沖縄で戦後初の民間石油供給会社 りゅうせきが創業70周年


この記事を書いた人 Avatar photo 与那嶺 明彦
本社ビル完成前に使用していた仮事務所の前で集合写真を撮影する琉球石油の役職員ら=1952年元日(りゅうせき提供)

 りゅうせき(浦添市)は6日で創業70周年を迎えた。米統治時代の1950年9月6日、戦後初の民間石油供給会社として琉球石油が発足。以来、資源に乏しい日本のさらに離島県の沖縄で、産業やライフラインを支える石油製品の安定供給に貢献してきた。その歩みを振り返る。

 1950年7月、米国民政府は石油販売の民営化に関する公聴会を開催した。招集された民間各産業団体の代表の中に、前月に琉球水産連合会会長に就いたばかりの稲嶺一郎氏もいた。
 稲嶺氏は戦中、南満州鉄道の社員として世界中を巡った経験を持ち、49年にGHQの調査員として沖縄を調査に訪れた後帰郷していた。公聴会当日に石油販売会社の設立準備委員会を発足し、琉球石油の創業にこぎ着けた。
 多くの離島を抱える沖縄で、石油という幅広い産業の基礎となる商品を扱うことから、本島と離島間の格差解消を追求した。
 創業当初から、全ての石油製品を本島と同一価格で販売する「全島プール制」を目標としていたが、米民政府は輸送経費を負担しないと回答。輸送コストを自社で負担して、60年に本島と宮古、石垣で3島プール制を開始し、64年には全島プール制を実施した。
 先島地方では石油価格が下がり、農業生産も盛んになった。

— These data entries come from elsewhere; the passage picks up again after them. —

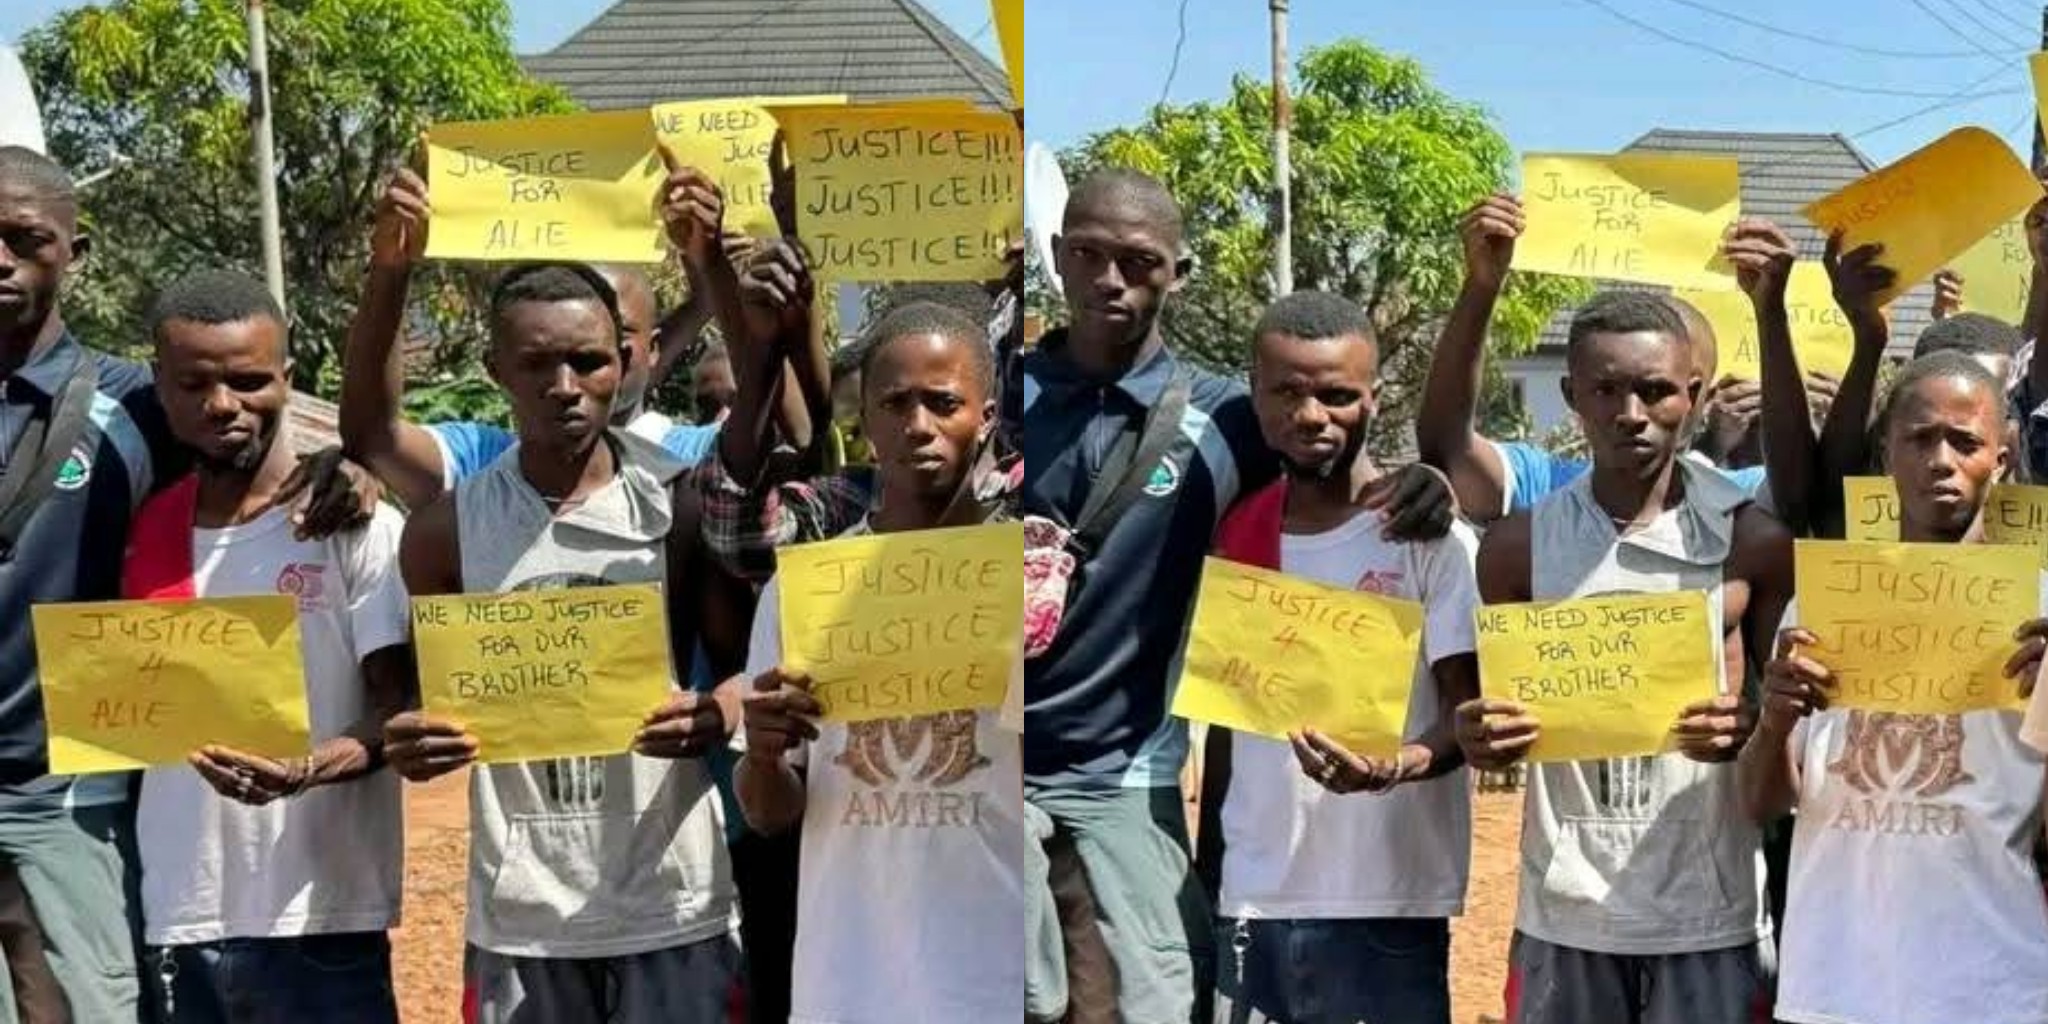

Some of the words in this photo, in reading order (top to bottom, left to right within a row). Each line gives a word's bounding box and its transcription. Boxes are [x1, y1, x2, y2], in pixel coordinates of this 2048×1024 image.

[654, 112, 683, 134] WE
[697, 109, 759, 133] NEED
[446, 145, 585, 178] JUSTICE
[809, 127, 1013, 164] JUSTICE!!!
[510, 178, 563, 203] FOR
[806, 173, 1013, 216] JUSTICE!!!
[1536, 172, 1669, 209] JUSTICE
[485, 219, 572, 256] ALIE
[1594, 208, 1642, 234] FOR
[1568, 242, 1643, 274] ALIE
[808, 548, 1002, 597] JUSTICE
[1824, 558, 2018, 605] JUSTICE
[414, 602, 448, 626] WE
[465, 600, 534, 624] NEED
[542, 597, 644, 624] JUSTICE
[1226, 574, 1386, 638] JUSTICE
[1477, 612, 1509, 634] WE
[1524, 608, 1588, 631] NEED
[1597, 605, 1688, 628] JUSTICE
[71, 612, 252, 645] JUSTICE
[478, 634, 522, 658] FOR
[805, 603, 1001, 664] JUSTICE
[1271, 624, 1298, 653] 4
[1825, 618, 2003, 655] JUSTICE
[137, 650, 165, 682] 4
[1535, 640, 1576, 663] FOR
[451, 659, 589, 699] BROTHER
[813, 662, 988, 710] JUSTICE
[1510, 663, 1640, 702] BROTHER
[1828, 666, 1987, 703] JUSTICE
[90, 698, 180, 729] ALIE
[840, 790, 986, 830] AMIRI
[1832, 801, 1968, 836] AMIRI

一方で大きなコストを負担することにより、経営状態は苦しくなった。現在の當銘春夫社長は当時の決算書を読んだことがあるが、利益はほぼなかったという。「離島の産業振興のために、コストを自社で負担するという決断は普通の経営者ではできない。すごい決断だ」と話した。
 1991年に商号をりゅうせきに変更し、本店を浦添市西洲に移転。復帰以降の県経済の拡大や県民生活の多様化に対応しながら、現在はエネルギー事業にとどまらず建設や流通、ホテル・飲食事業など、りゅうせきネットワークグループとして事業の多角化が進んでいる。
 創業70年を迎えた2020年は激動にさらされている。
 新型コロナウイルス感染症の拡大により、レンタカー需要の激減によるガソリン販売数量減少、ホテルの売り上げ減などの形で、りゅうせきの経営にも大きな打撃を与えている。當銘社長は「想像もしていなかった事態だ。人に来てもらって初めて成り立つ装置産業だけに、かなり厳しい」と話す。
 自動車業界の技術革新も進み、環境面からも脱石油の世界的な流れは一層加速することが予想される。19年にはグループの大規模な組織再編に取り組み、多様なニーズに迅速に応えられる体制を整えた。県外大手など他社と連携して石油ガス事業以外の事業の模索も続ける。當銘社長は「100年企業になるためには、何のために企業があるのかを立ち止まって考える必要がある。沖縄に貢献できる人材を育てることで、地域社会に選ばれる企業として成長していきたい」と話した。